After a spot of lunch and beer at a nearby cafe, we headed to the Centre Belge de la Bande Dessinee. This small museum starts by describing how comics are made before going on to show case the works by fifteen or so key Belgium writers/artists. Herge and Tintin unsurprisingly get their own section but the other creators are not eclipsed. Obviously most of what is on show is not in English and nearly all the comics were unfamiliar to me but it was interesting and wonderful that comics are celebrated by their own museum. The museum is topped off by a great bookshop / gift shop.
Now back out the hotel and planning to go out for food and beer later. Tomorrow we plan a gentle day visiting breweries and shopping before visiting the Herge museum on Sunday.
Belgium Day One: The Broken Ear
A quick write-up of our on-going trip Belgium.
The Eurostar is brilliant, especially when your journey starts in Nottingham. A quick change at St. Pancras station and we’re on our way to Belgium. Total journey time was about seven hours and a lot less hassle than flying and loads more leg room.
Staying at the Brussels Hotel on the Avenue Louise. A basic hotel but reasonably priced, fairly central and has free Wifi. Recommended.
Arrived in the evening so after checking-in, we went for walk to find our bearings and get a drink in the Cafe Du Art in the Flagey Square.
In the morning we walked into the city and the Grand-Place to buy a Brussels Card which allows us to access museums and travel on the trams / metro / buses for free. I’m not 100% sure it is worthwhile but it has made life easier and prompted us to ride the metro out to the Parc du Cinquantenaire.
We went into the Musee De L’Armee Et De L’Historie Militaire expecting to quickly move on. However it was fascinating and had a great exhibition on the period 1919 – 1945. The aircraft collection was good but that side of the museum is clearly under-funded. I wish we had more time to spend there but we needed to get on.
Across the park is the Musee Du Cinquantenaire which was our main reason for visiting the park. With only an hour before closing time we had to rush to find the statue that inspired Herge to create The Broken Ear. It is an unassuming wooden carving, about a foot tall, almost exactly like the one in the book except that it has a broken foot and both ears are OK.

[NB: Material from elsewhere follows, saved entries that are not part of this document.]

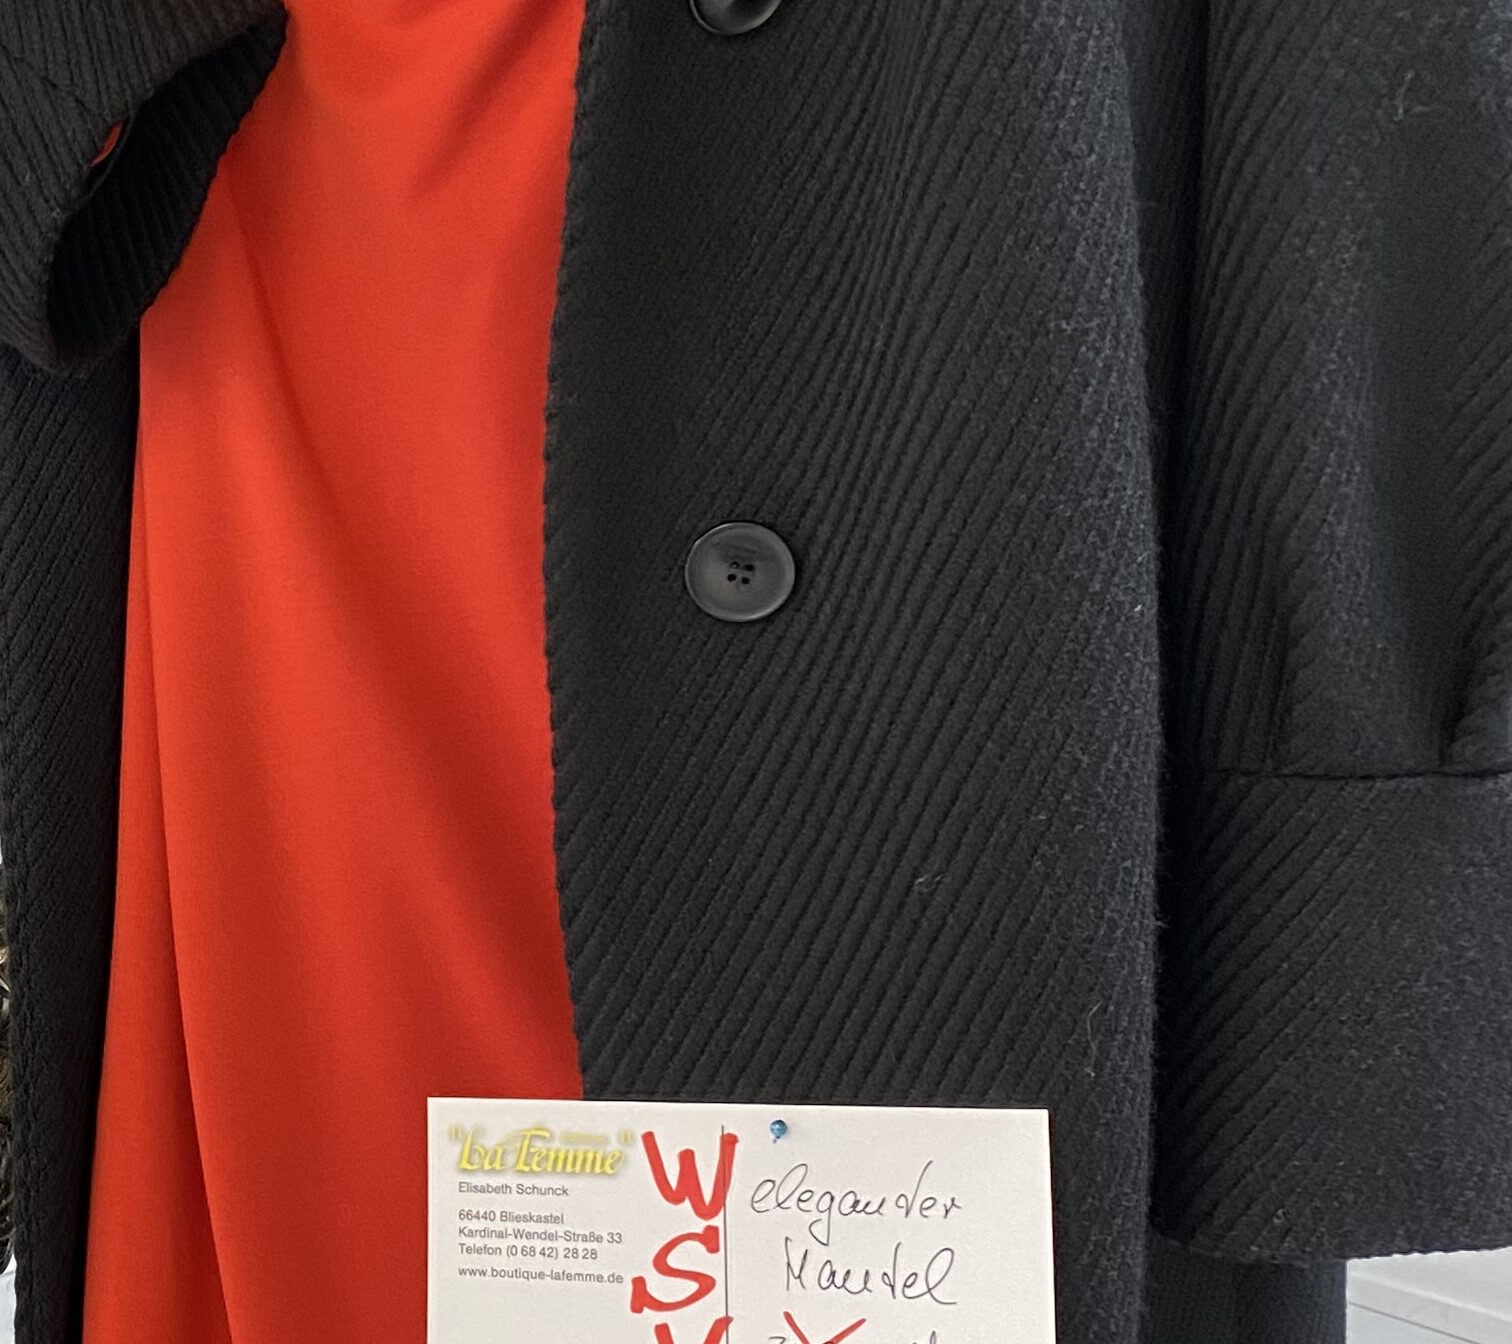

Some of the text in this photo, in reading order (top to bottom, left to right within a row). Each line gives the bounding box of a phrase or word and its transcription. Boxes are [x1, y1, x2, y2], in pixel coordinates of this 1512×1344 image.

[457, 1181, 570, 1197] Elisabeth Schunck
[457, 1208, 565, 1225] 66440 Blieskastel
[457, 1226, 623, 1244] Kardinal-Wendel-Straße 33
[458, 1242, 502, 1256] Telefon
[457, 1266, 625, 1284] www.boutique-lafemme.de
[784, 1235, 958, 1305] Mantel
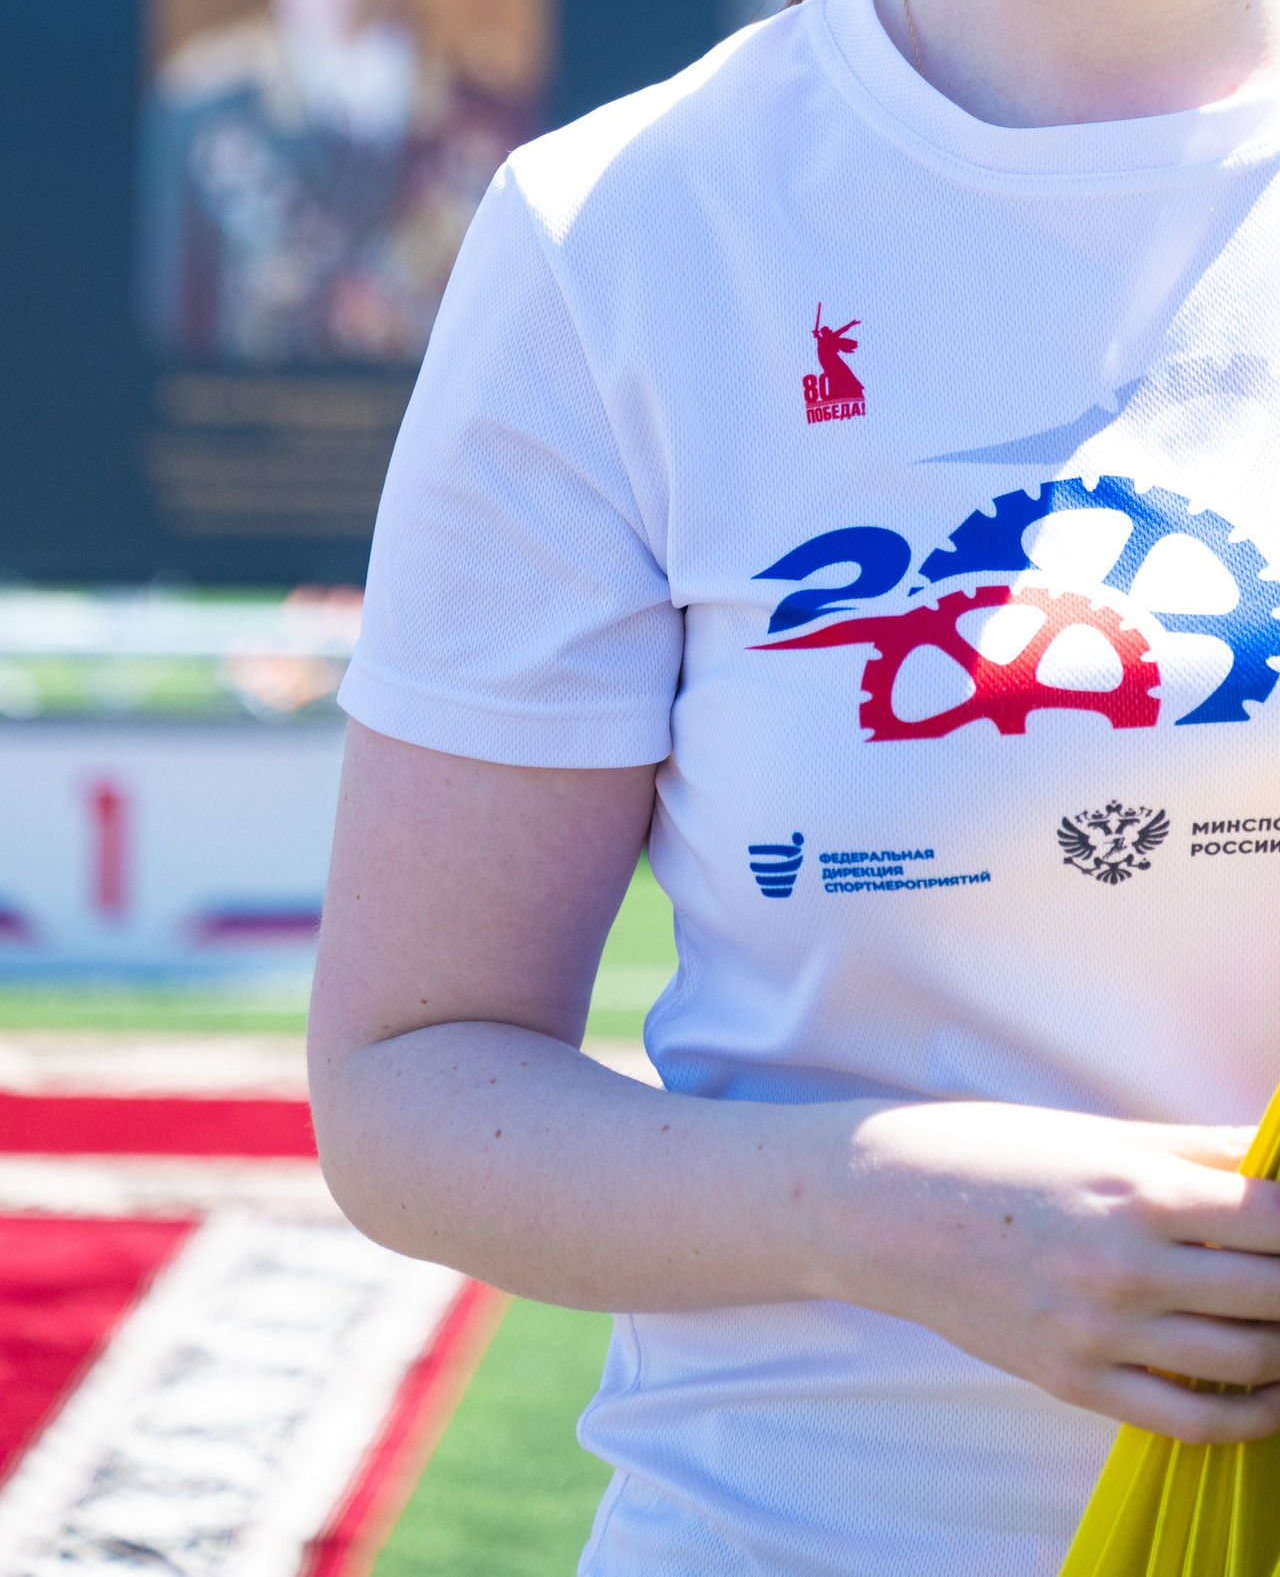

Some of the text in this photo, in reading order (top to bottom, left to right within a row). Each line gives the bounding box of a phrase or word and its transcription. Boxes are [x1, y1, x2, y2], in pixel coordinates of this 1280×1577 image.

[802, 373, 832, 403] 80
[805, 401, 867, 424] ПОБЕДА!
[818, 848, 935, 865] ФЕДЕРАЛЬНАЯ
[822, 865, 904, 880] ДИРЕКЦИЯ
[824, 870, 992, 894] СПОРТМЕРОПРИЯТИЙ

The rest of the museum was not very inspiring though we did not give it the time it deserved. It is a collection of objects in glass cases with little explanation or background information. It does have a head from Easter Island which was very impressive (and looked exactly like the one in the film Night of the Museum).
The museum did had a couple of great finds though. An Inca mummy, very likely to be the inspiration for the mummy in The Seven Crystal Balls. Plus a book for sale in the museum shop ‘Le Musee En Bulles’ which details items in the museum that inspire various comics. More on this later.
After the museum closed we walked to the bar Galia (22 Rue de Jacques Laling) for some beer and then to Ultime Atome (14 Rue St. Boniface) for beer and food. Both excellent bars with a great range of beers and we found both due to the Good Beer Guide Belgium by Tim Webb. It is a great book with an amusing but informative style. Highly recommended for anyone interested in Belgium Beers.
We are now back at the hotel, tired but satisfied with a day being tourists. Tomorrow is a trip to the new Magritte museam and then on to the Centre Belge de la Bande Dessinee.